* _Exercise description_: Transcribe exactly the line containing "this 1530×1360 image." plus every later line in the data.

*** Opening Stored data ***

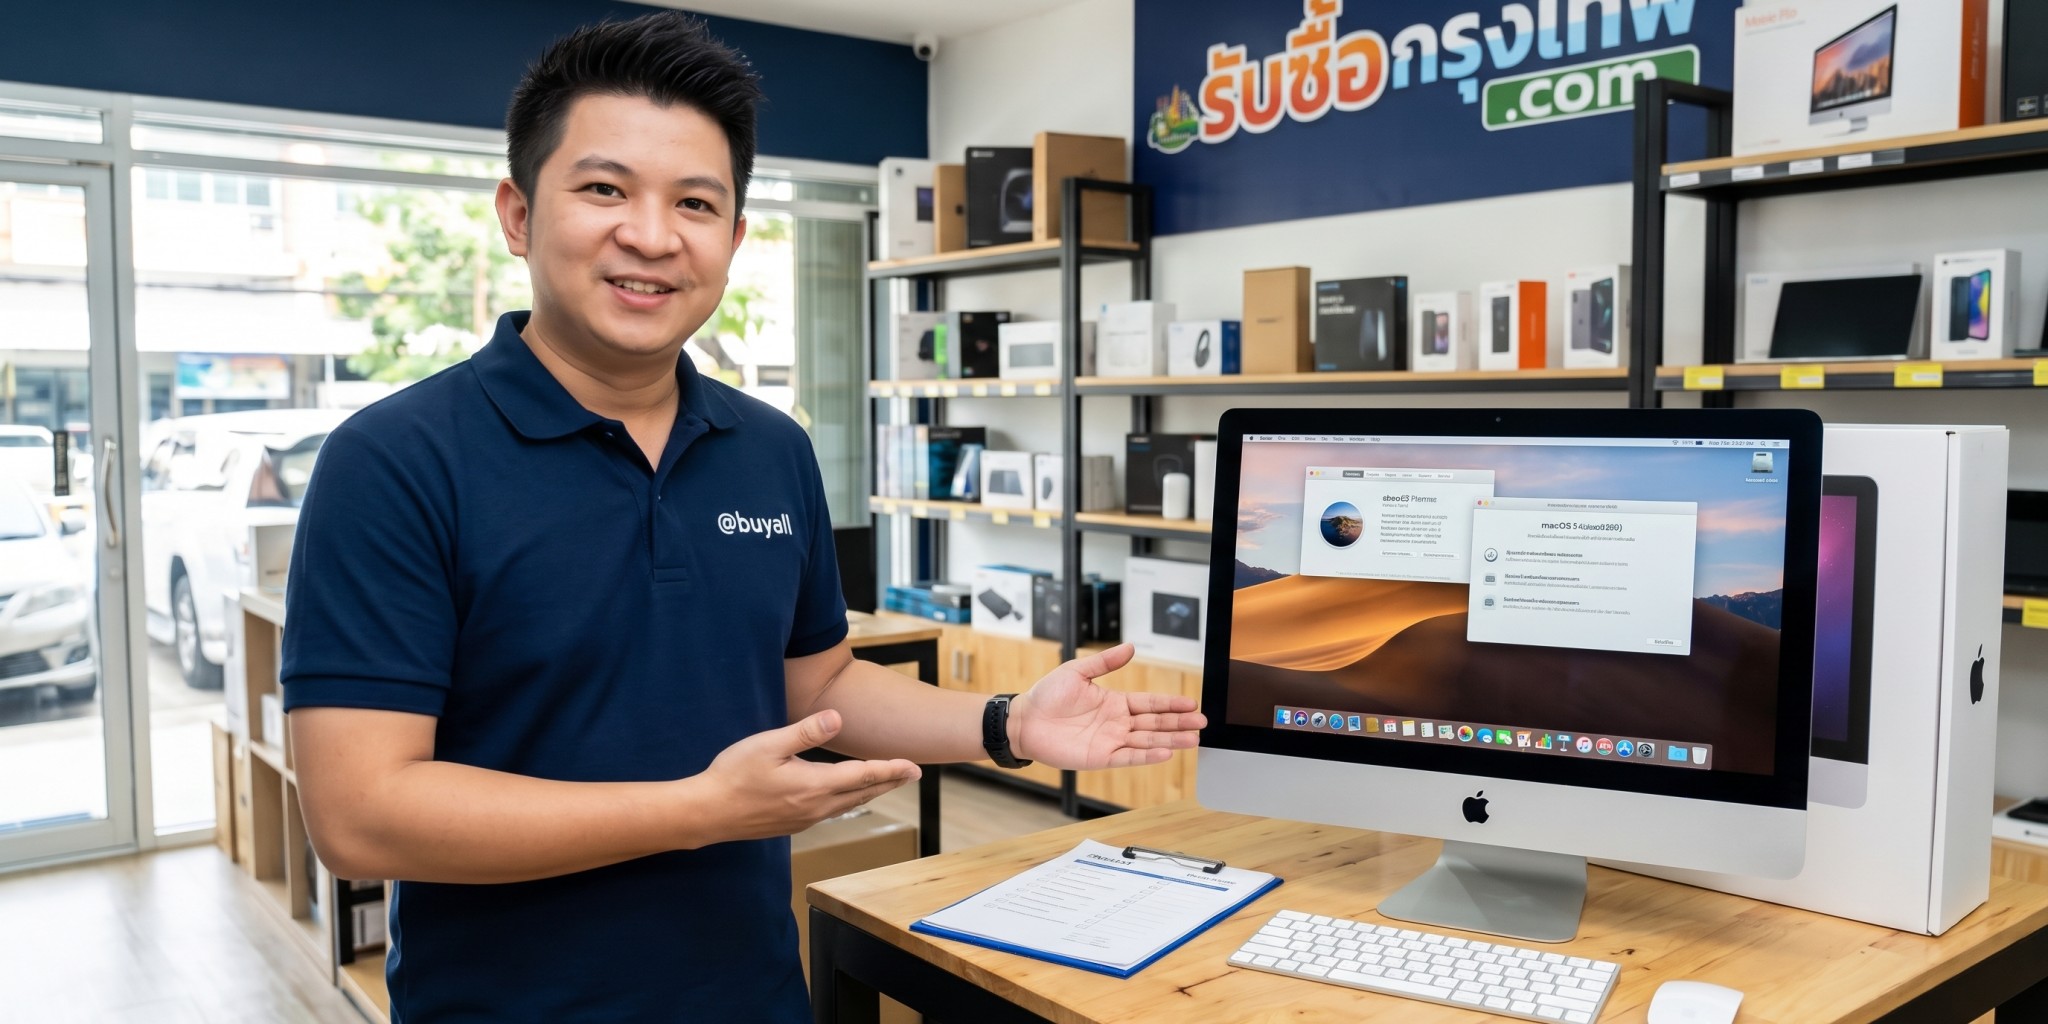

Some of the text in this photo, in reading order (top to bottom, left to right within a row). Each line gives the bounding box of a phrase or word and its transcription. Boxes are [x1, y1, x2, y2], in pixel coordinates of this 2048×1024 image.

[1505, 59, 1658, 122] .com
[717, 510, 793, 539] @buyall
[1541, 522, 1572, 530] macOS
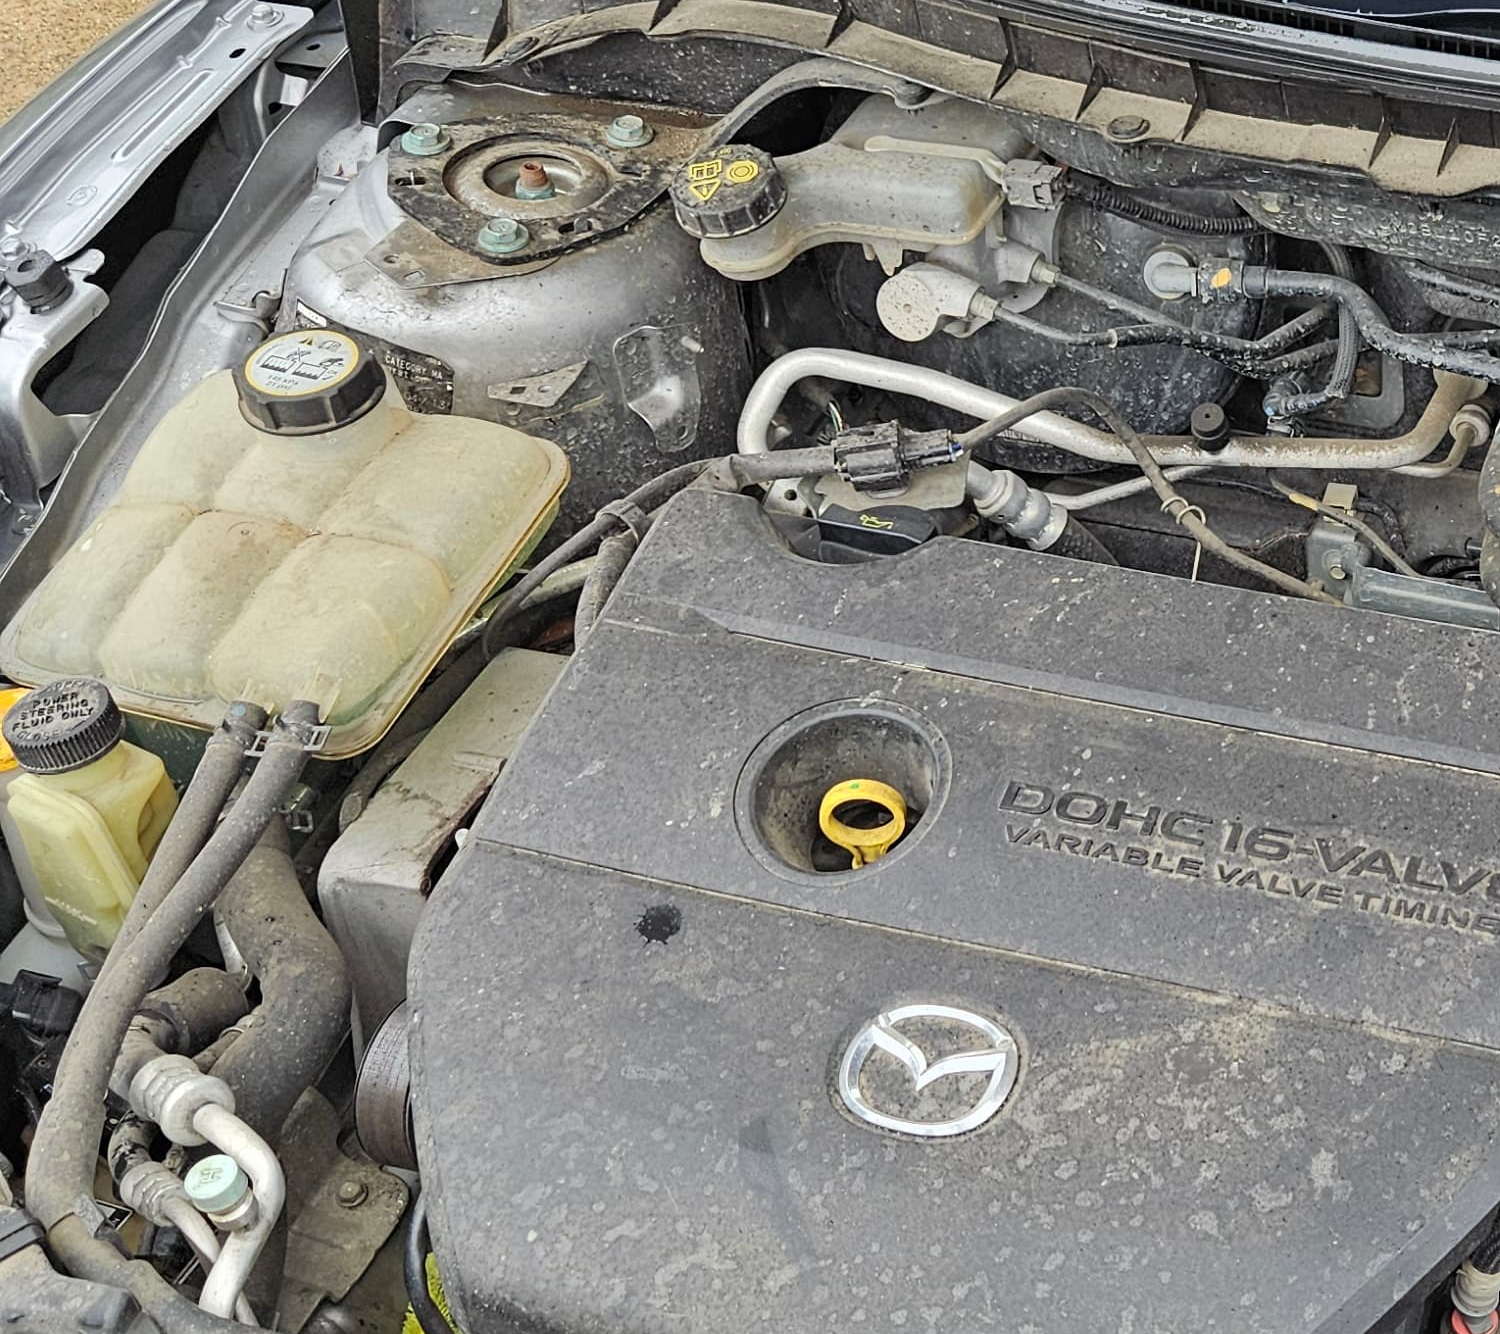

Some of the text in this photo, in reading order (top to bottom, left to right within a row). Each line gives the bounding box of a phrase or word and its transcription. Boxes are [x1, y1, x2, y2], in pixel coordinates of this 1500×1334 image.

[385, 354, 427, 374] CATEGORY
[20, 699, 88, 721] STEERING
[33, 692, 79, 709] POWER
[12, 707, 94, 732] FLUID ONLY
[998, 779, 1213, 848] DOHC
[1005, 823, 1205, 878] VARIABLE
[1217, 866, 1346, 906] VALVE
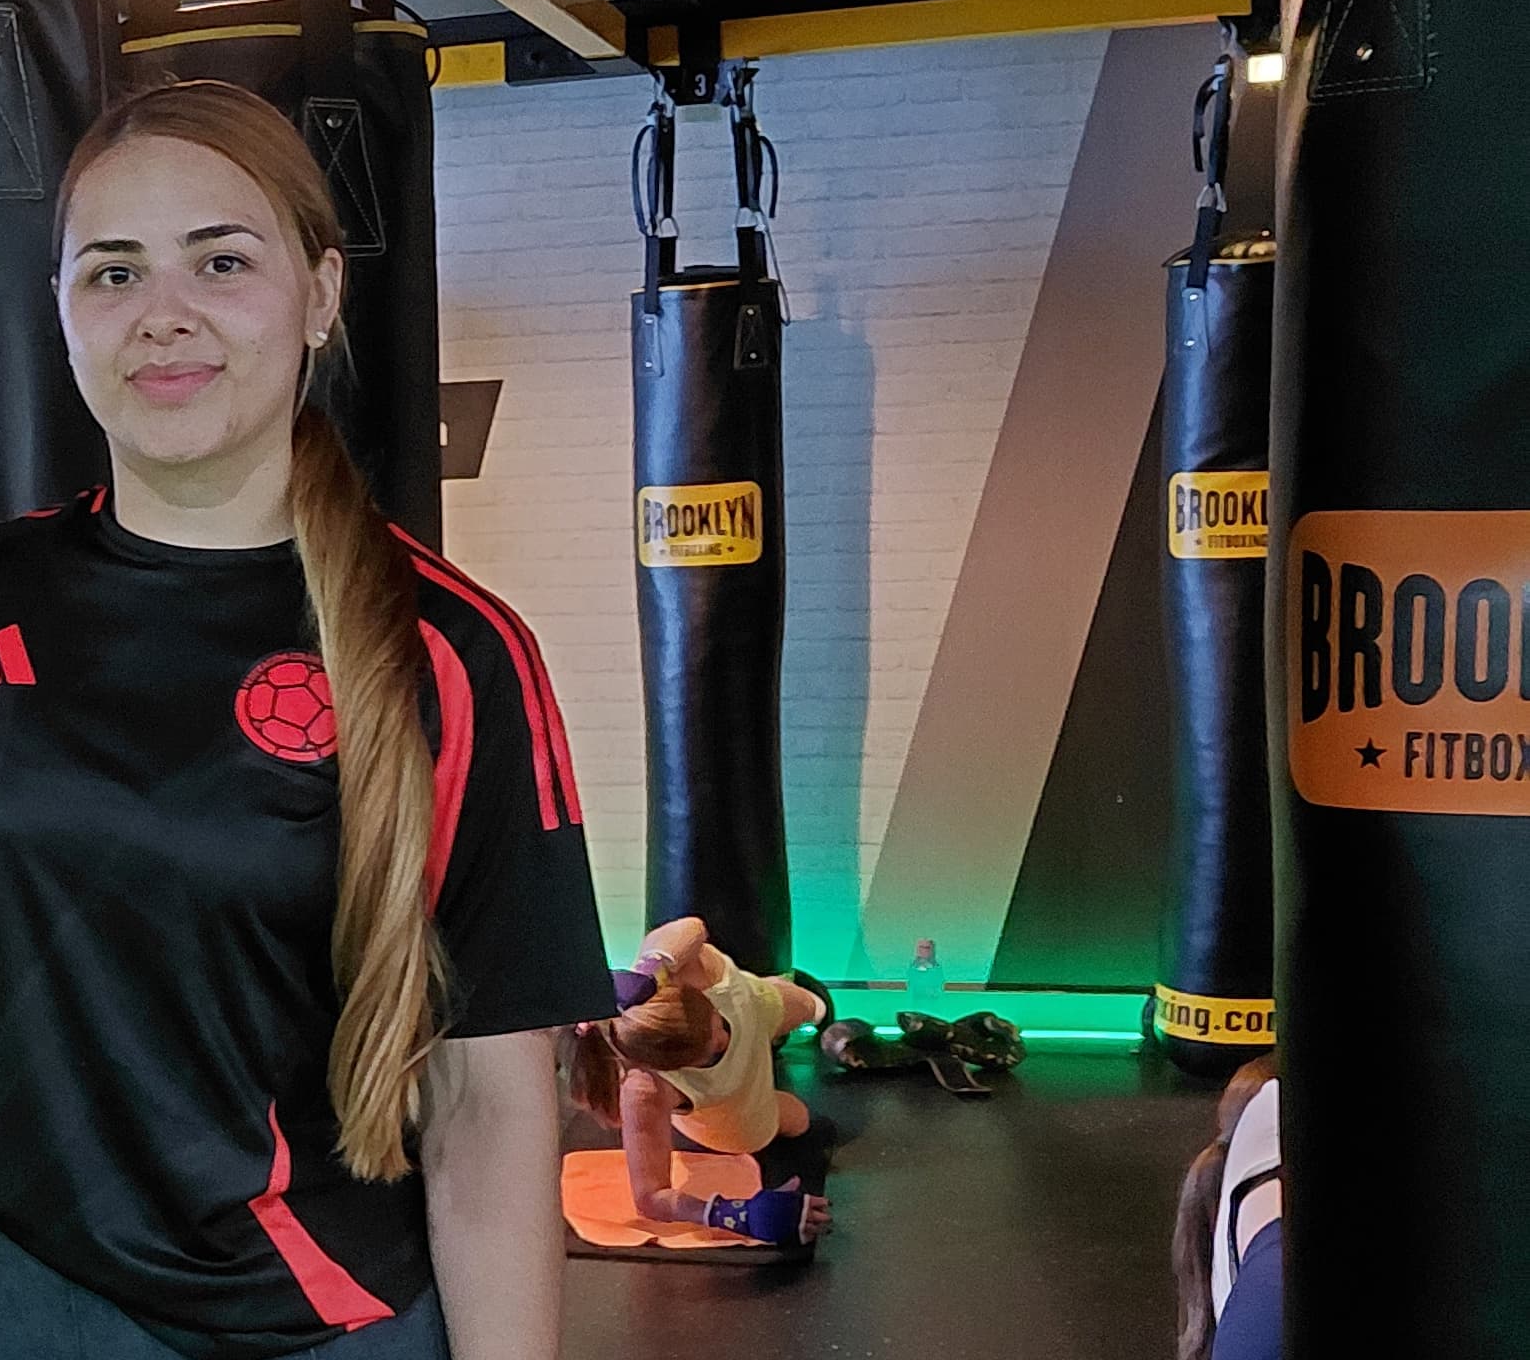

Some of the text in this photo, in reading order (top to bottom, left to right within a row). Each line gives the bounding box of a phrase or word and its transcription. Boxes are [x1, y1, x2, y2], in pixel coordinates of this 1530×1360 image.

[693, 73, 708, 97] 3
[643, 491, 756, 544] BROOKLYN
[1302, 550, 1530, 724] BROO

*** Closing Stored data ***

* _Task result_:
Some of the text in this photo, in reading order (top to bottom, left to right within a row). Each line gives the bounding box of a phrase or word and its transcription. Boxes are [x1, y1, x2, y2], in pixel coordinates of this 1530×1360 image.

[693, 73, 708, 97] 3
[643, 491, 756, 544] BROOKLYN
[1302, 550, 1530, 724] BROO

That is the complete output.